LONDON: Oil slipped on Tuesday, staying close to a seven-year high hit last week, weighed by expectations of a rise in US inventories, although the prospect of a limited production hike by OPEC+ countries and solid demand growth lent support.
The wider rally was expected to persist, however. The Organization of the Petroleum Exporting Countries and allies led by Russia, known as OPEC+, is undershooting its monthly output increases and is expected to keep its policy of gradual hikes in place at a meeting on Wednesday.
"Demand is expected to keep on climbing," said Naeem Aslam of Avatrade. "Moreover, major oil-producing nations are also likely to stick with their current strategy. Hence, crude oil prices are likely to have only one way to go, and that is up."

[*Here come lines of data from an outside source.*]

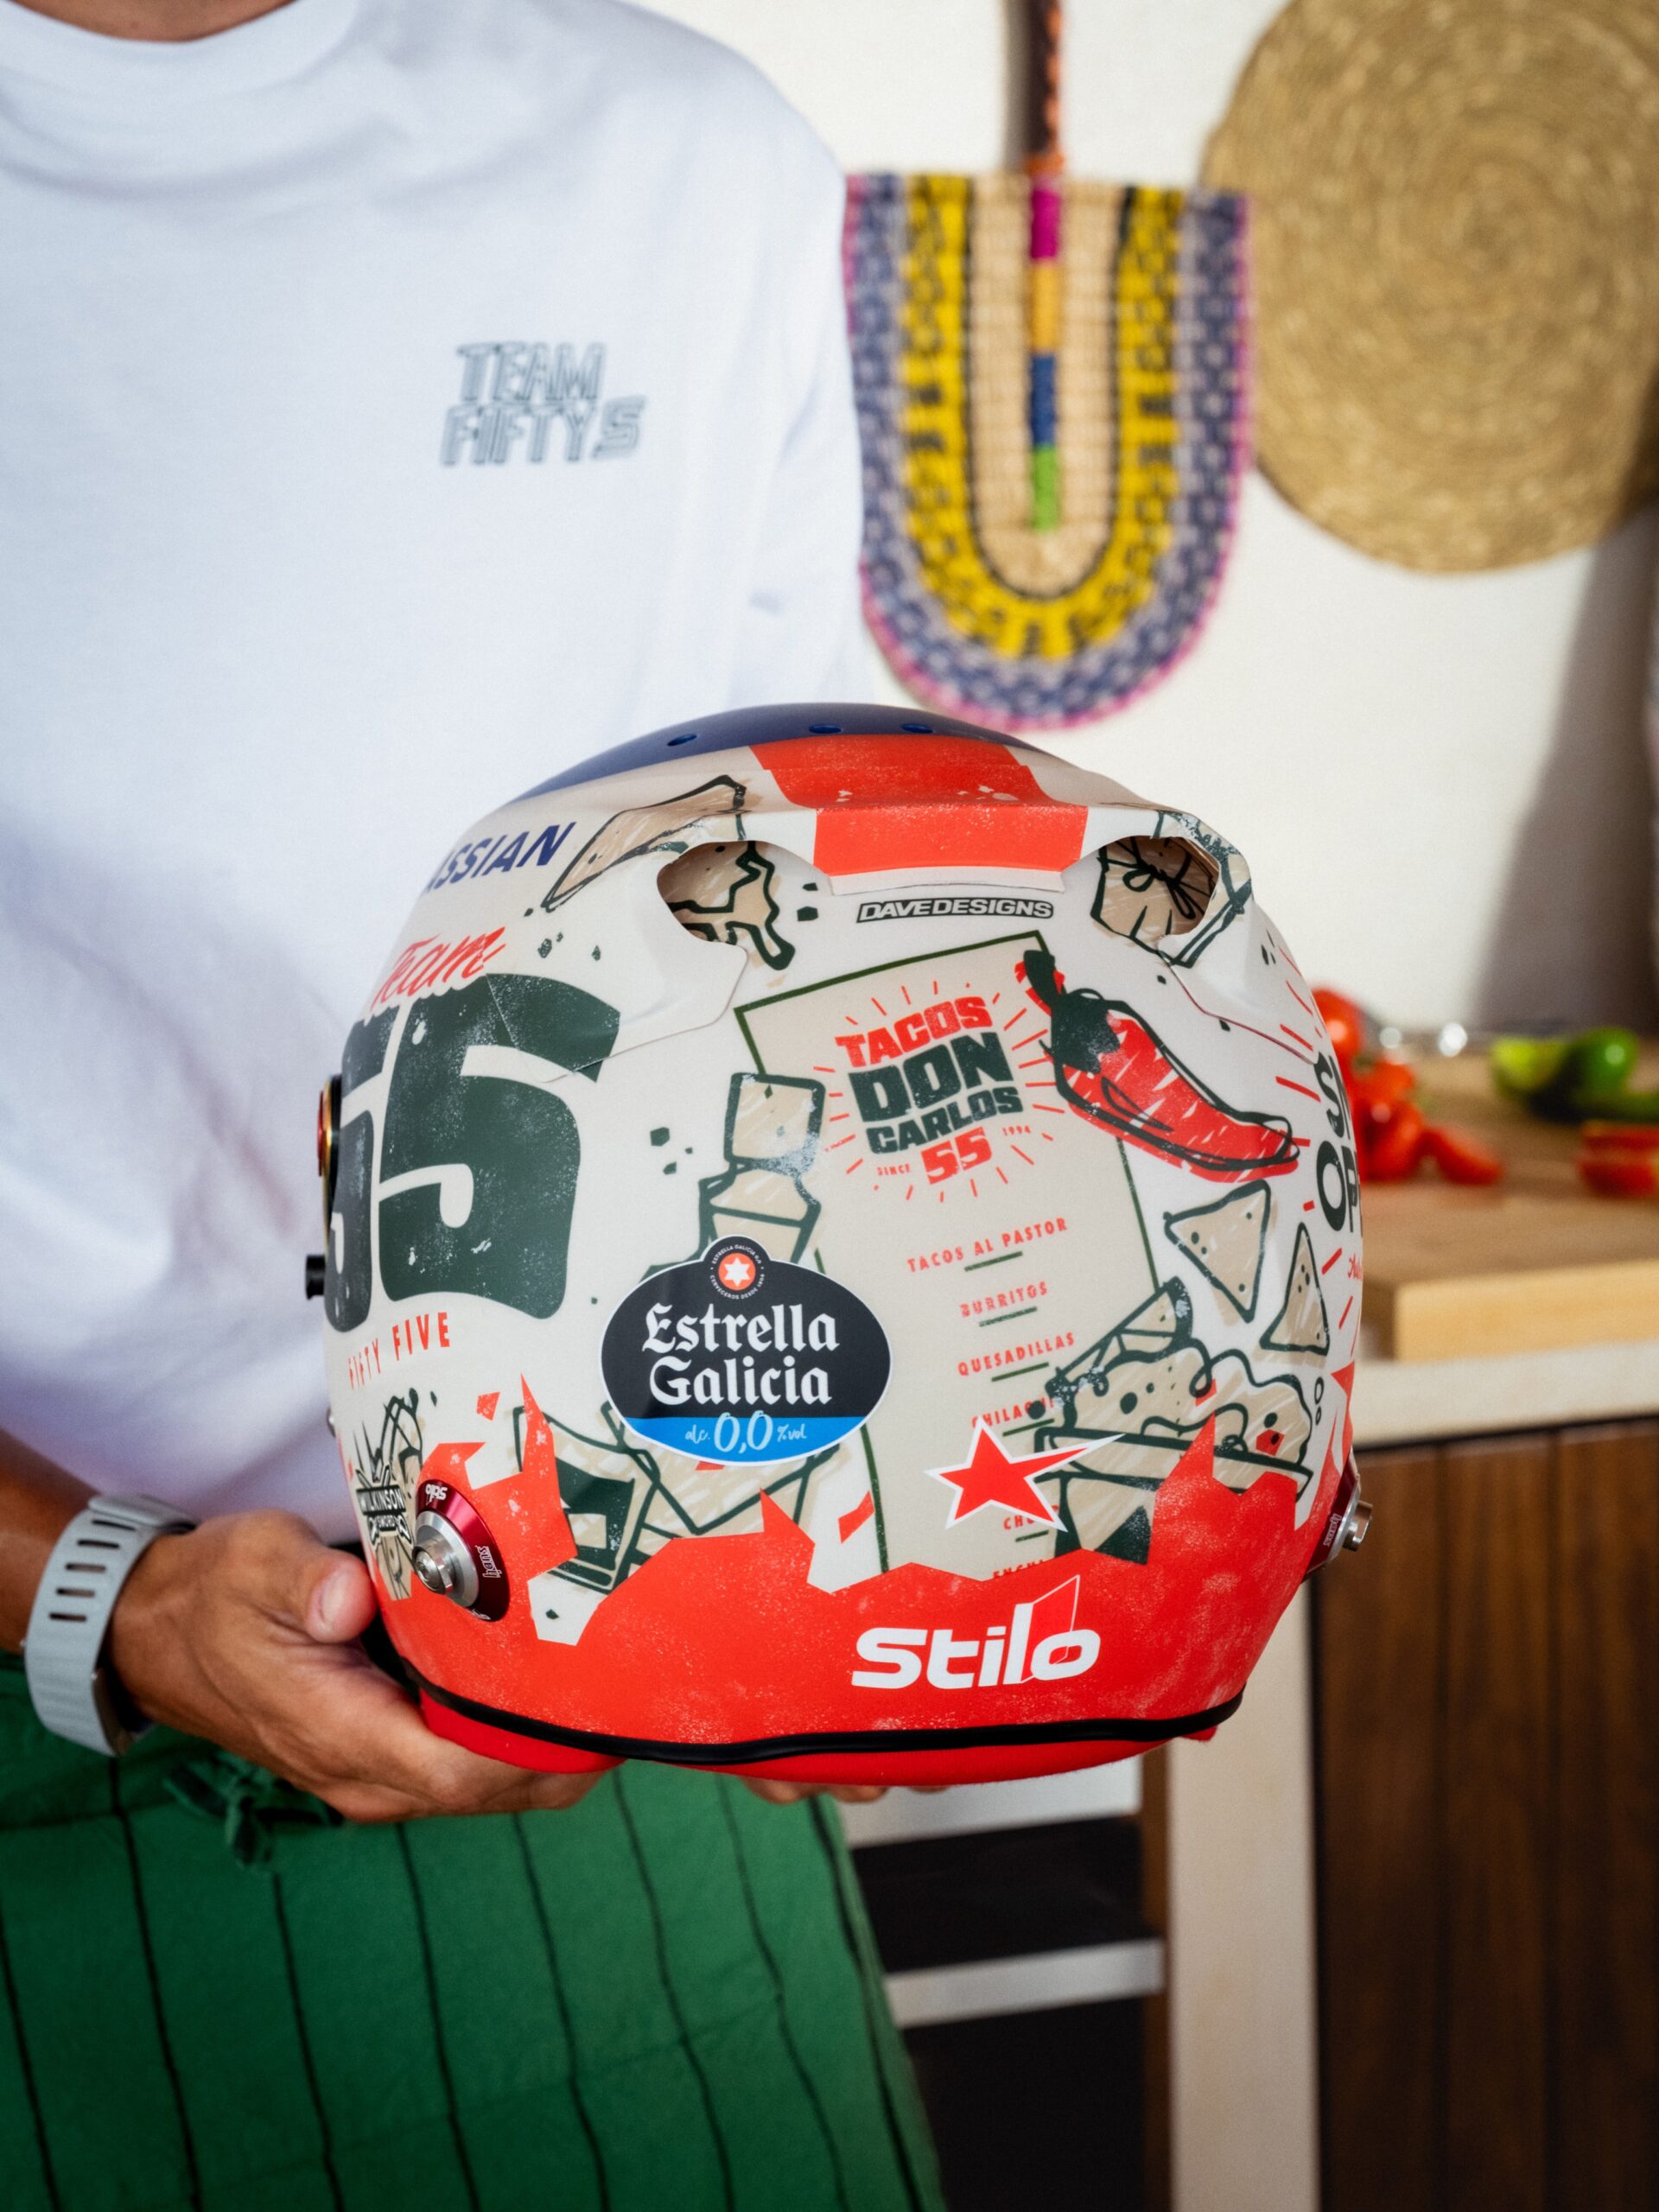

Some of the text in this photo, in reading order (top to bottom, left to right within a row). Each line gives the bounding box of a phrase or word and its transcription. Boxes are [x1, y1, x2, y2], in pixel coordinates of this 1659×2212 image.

[456, 341, 606, 401] TEAM
[428, 822, 576, 893] SSIAN
[835, 996, 993, 1068] TACOS
[848, 1032, 1014, 1122] DON
[866, 1087, 1024, 1154] CARLOS
[877, 1164, 911, 1176] SINCE
[920, 1126, 993, 1185] 55
[712, 1246, 734, 1264] ESTRELLA
[907, 1217, 1068, 1272] TACOS AL PASTOR
[959, 1281, 1048, 1318] BURRITOS
[392, 1312, 450, 1361] FIVE
[642, 1302, 840, 1353] Estrella
[957, 1332, 1075, 1376] QUESADILLAS
[650, 1355, 833, 1406] Galicia
[685, 1424, 711, 1444] alc.
[714, 1410, 774, 1453] 0,0
[851, 1600, 1101, 1689] Stilo

Brent crude was down 28 cents, or 0.3%, at $88.98 a barrel at 0920 GMT. US West Texas Intermediate crude slipped 18 cents, or 0.2%, to $87.97.
Oil was pressured on Tuesday by expectations that this week's US supply reports will show an increase in crude stockpiles.

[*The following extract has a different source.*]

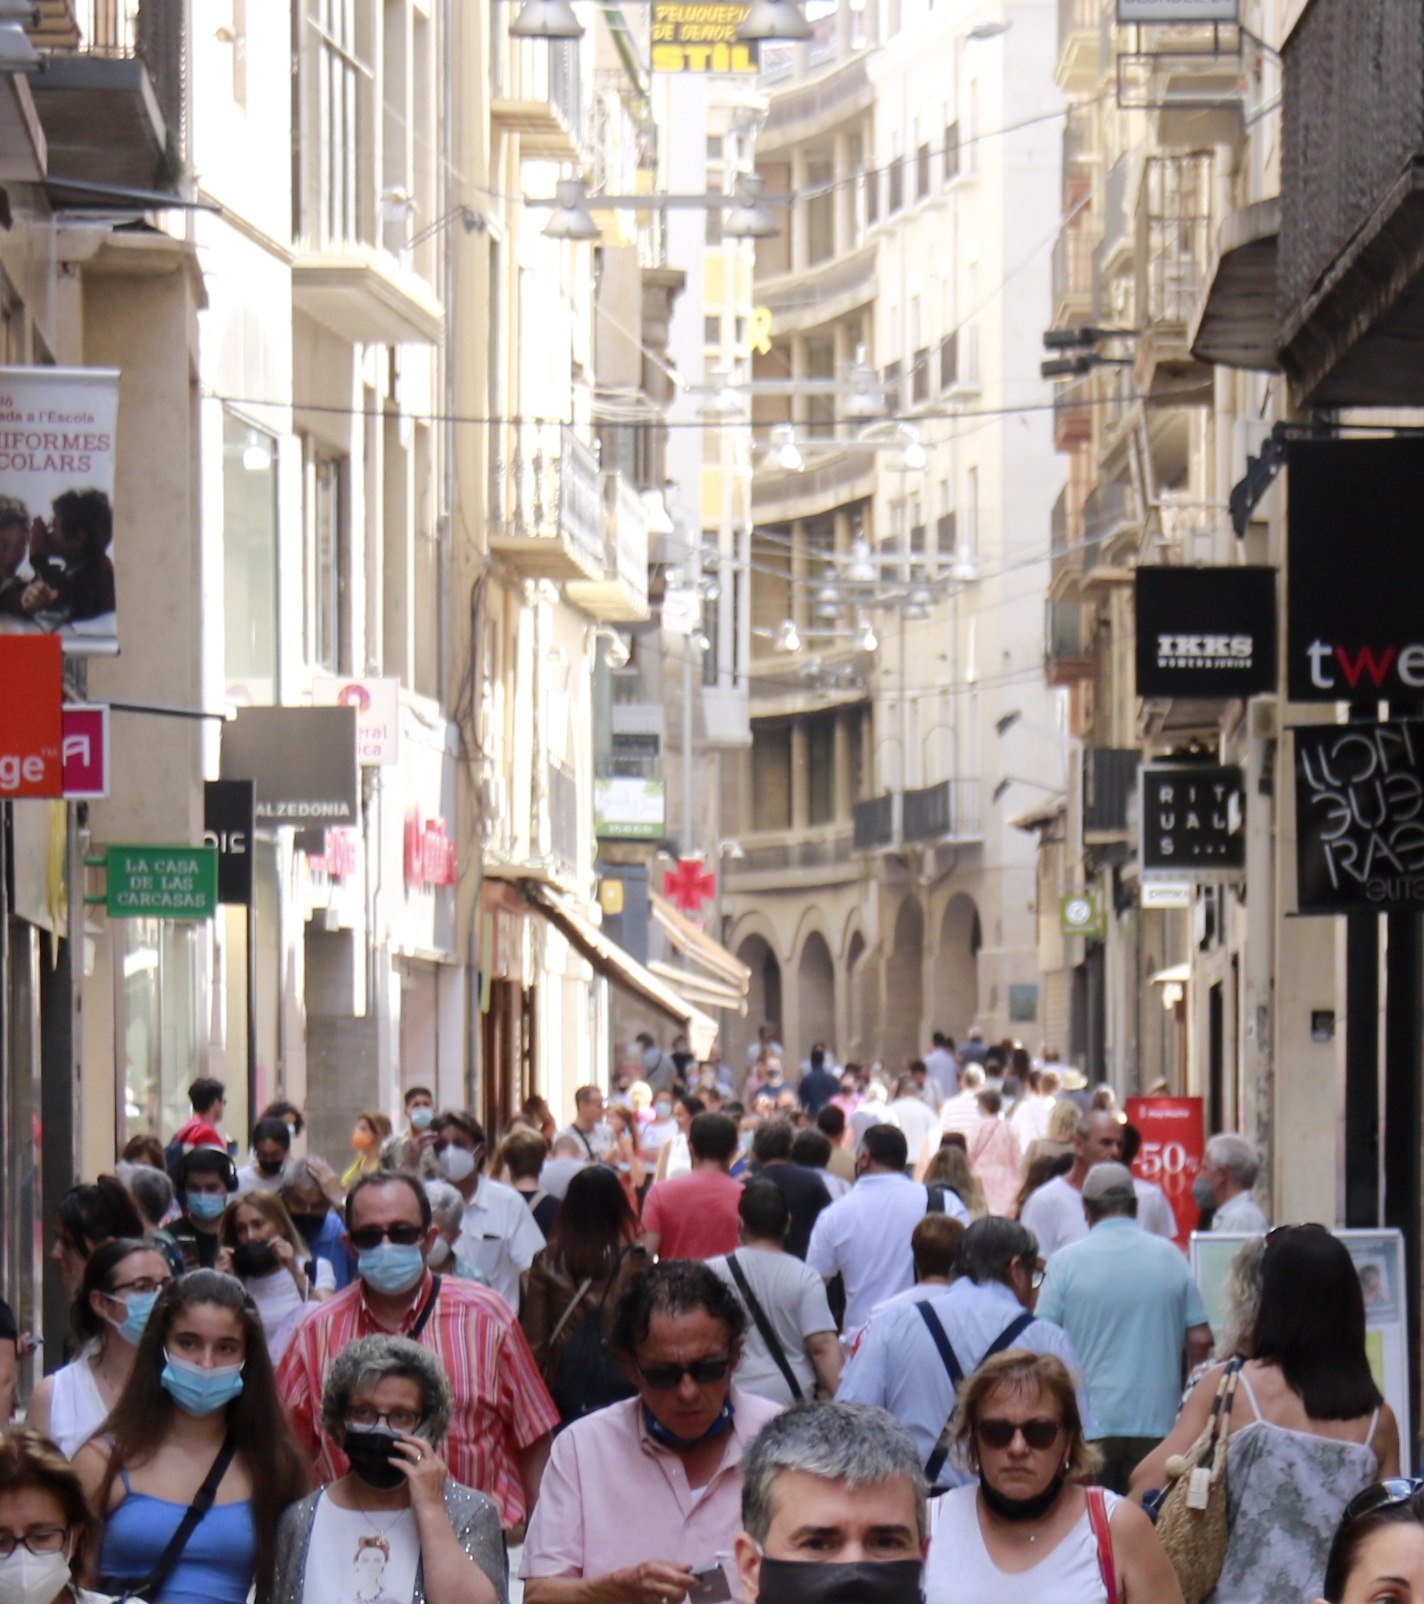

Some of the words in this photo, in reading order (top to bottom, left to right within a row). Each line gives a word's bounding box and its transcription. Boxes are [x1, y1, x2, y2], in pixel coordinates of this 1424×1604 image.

Analysts expect crude stocks to have risen by 1.8 million barrels.
The first of this week's two supply reports, from the American Petroleum Institute, is out at 2130 GMT.
Supply, geopolitics put oil on track
Brent and US crude hit their highest levels since October 2014 on Friday, at $91.70 and $88.84 respectively. They gained about 17% in January amid a supply shortage and tensions between Russia and the West over Ukraine, and in the Middle East.
"The oil market is currently unreservedly bullish," said Tamas Varga of oil broker PVM. "It is international tension, the perception of tight supply and the cold winter that are the most important factors behind the strength."
Rising differentials in the physical crude market imply concern about tight supply, Varga said. One of the North Sea crudes that underpins Brent, Ekofisk, was bid on Monday at the highest in over a decade.